VisiFold: Long-Term Traffic Forecasting via Temporal Folding Graph and Node Visibility
arXiv:2603.11816v1 Announce Type: new Abstract: Traffic forecasting is a cornerstone of intelligent transportation systems. While existing research has made significant progress in short-term prediction, long-term forecasting remains a largely uncharted and challenging frontier. Extending the prediction horizon intensifies two critical issues: escalating computational resource consumption and increasingly complex spatial-temporal dependencies. Current approaches, which rely on spatial-temporal graphs and process temporal and spatial dimensions separately, suffer from snapshot-stacking inflation and cross-step fragmentation. To overcome these limitations, we propose \textit{VisiFold}. Our framework introduces a novel temporal folding graph that consolidates a sequence of temporal snapshots into a single graph. Furthermore, we present a node visibility mechanism that incorporates node-level masking and subgraph sampling to overcome the computational bottleneck imposed by large node coun
arXiv:2603.11816v1 Announce Type: new Abstract: Traffic forecasting is a cornerstone of intelligent transportation systems. While existing research has made significant progress in short-term prediction, long-term forecasting remains a largely uncharted and challenging frontier. Extending the prediction horizon intensifies two critical issues: escalating computational resource consumption and increasingly complex spatial-temporal dependencies. Current approaches, which rely on spatial-temporal graphs and process temporal and spatial dimensions separately, suffer from snapshot-stacking inflation and cross-step fragmentation. To overcome these limitations, we propose \textit{VisiFold}. Our framework introduces a novel temporal folding graph that consolidates a sequence of temporal snapshots into a single graph. Furthermore, we present a node visibility mechanism that incorporates node-level masking and subgraph sampling to overcome the computational bottleneck imposed by large node counts. Extensive experiments show that VisiFold not only drastically reduces resource consumption but also outperforms existing baselines in long-term forecasting tasks. Remarkably, even with a high mask ratio of 80\%, VisiFold maintains its performance advantage. By effectively breaking the resource constraints in both temporal and spatial dimensions, our work paves the way for more realistic long-term traffic forecasting. The code is available at~ https://github.com/PlanckChang/VisiFold.
Executive Summary
The article introduces VisiFold, a novel framework for long-term traffic forecasting that addresses critical limitations in existing approaches by consolidating temporal snapshots into a unified temporal folding graph and introducing a node visibility mechanism to mitigate computational bottlenecks. The framework’s ability to reduce resource consumption while maintaining superior performance—even with high mask ratios—represents a significant advance in scalable long-term prediction. The work bridges a major gap in intelligent transportation systems by enabling efficient handling of spatial-temporal dependencies over extended horizons.
Key Points
- ▸ Introduction of a temporal folding graph to consolidate temporal snapshots
- ▸ Node visibility mechanism to manage large node counts via masking and subgraph sampling
- ▸ Empirical validation demonstrating reduced resource consumption and outperformance of baselines
Merits
Scalability Innovation
VisiFold effectively addresses computational constraints by integrating spatial-temporal data into a unified graph structure, enabling efficient long-term analysis without proportional resource escalation.
Performance Paradox
Remarkably, VisiFold sustains performance gains even with an 80% mask ratio, indicating robustness and generalizable applicability beyond conventional assumptions.
Demerits
Generalizability Concern
While results are compelling, the study’s focus on specific traffic datasets may limit applicability to other domains or non-urban transportation systems without further validation.

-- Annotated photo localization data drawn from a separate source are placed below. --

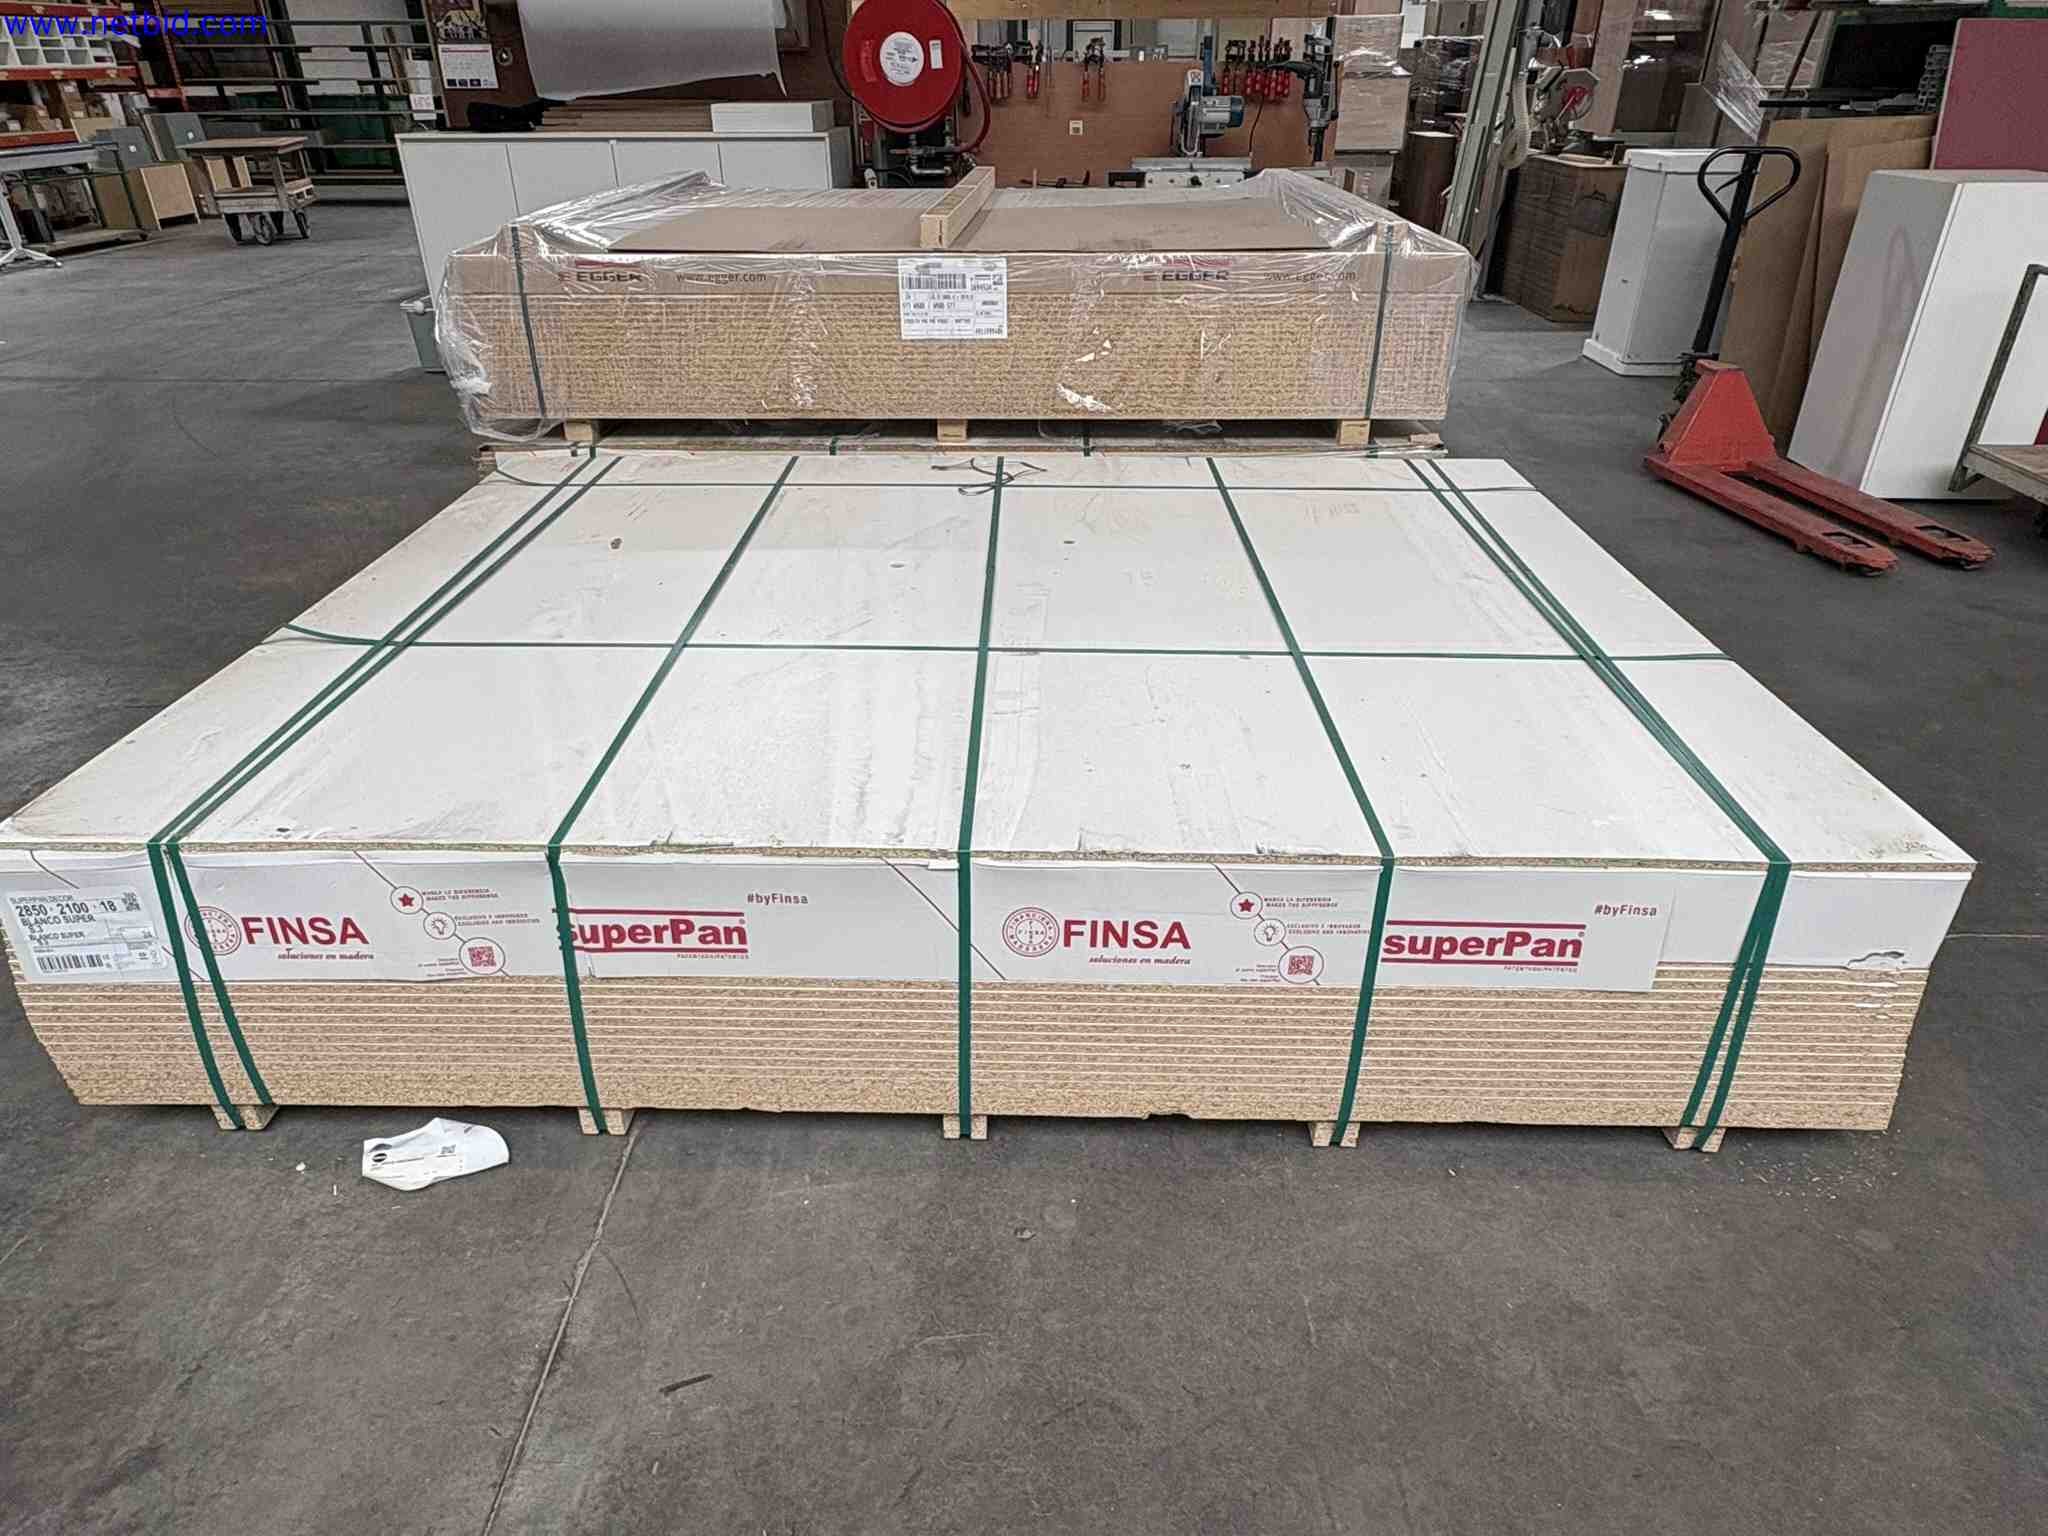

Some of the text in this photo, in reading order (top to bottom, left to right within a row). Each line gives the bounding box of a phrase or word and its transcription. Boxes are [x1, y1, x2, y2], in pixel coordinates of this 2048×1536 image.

[576, 271, 643, 282] EGGER
[1161, 270, 1230, 281] EGGER
[747, 893, 809, 905] #byFinsa
[15, 900, 117, 917] 2850 2100 18
[1594, 904, 1657, 916] #byFinsa
[21, 914, 97, 927] BLANCO SUPER
[240, 917, 370, 946] FINSA
[1063, 919, 1192, 950] FINSA
[1382, 931, 1583, 961] superPan
[278, 947, 323, 960] soluciones
[339, 951, 374, 960] madera
[1089, 954, 1138, 964] soluciones
[1154, 956, 1191, 965] madera

Implementation Transparency
Although code is publicly available, detailed documentation on parameter tuning and model adaptability for heterogeneous infrastructure remains undisclosed.
Expert Commentary
VisiFold represents a paradigm shift in long-term traffic forecasting by reimagining the temporal aggregation process. The temporal folding graph concept is particularly elegant—it transforms a computational nightmare of stacked snapshots into a unified, analyzable entity, akin to a temporal compression algorithm. The node visibility mechanism, while conceptually simple, introduces a sophisticated trade-off between visibility and computational cost that aligns with principles of efficient resource allocation in distributed systems. Importantly, the persistence of performance gains under extreme mask ratios suggests that the framework’s core assumptions are not contingent on noisy or sparse data, but rather reflect a deeper architectural insight into dependency modeling. This work does more than solve a technical problem—it redefines the boundaries of what is computationally feasible in predictive analytics for transportation. The availability of open code accelerates reproducibility and adaptation, amplifying its impact across academia and industry.
Recommendations
- ✓ 1. Extend VisiFold’s architecture to apply to other domains with temporal-spatial dependencies, such as energy grids or supply chain networks.
- ✓ 2. Encourage open-source collaboration to refine documentation and adaptability metrics for diverse infrastructure types to ensure broader scalability.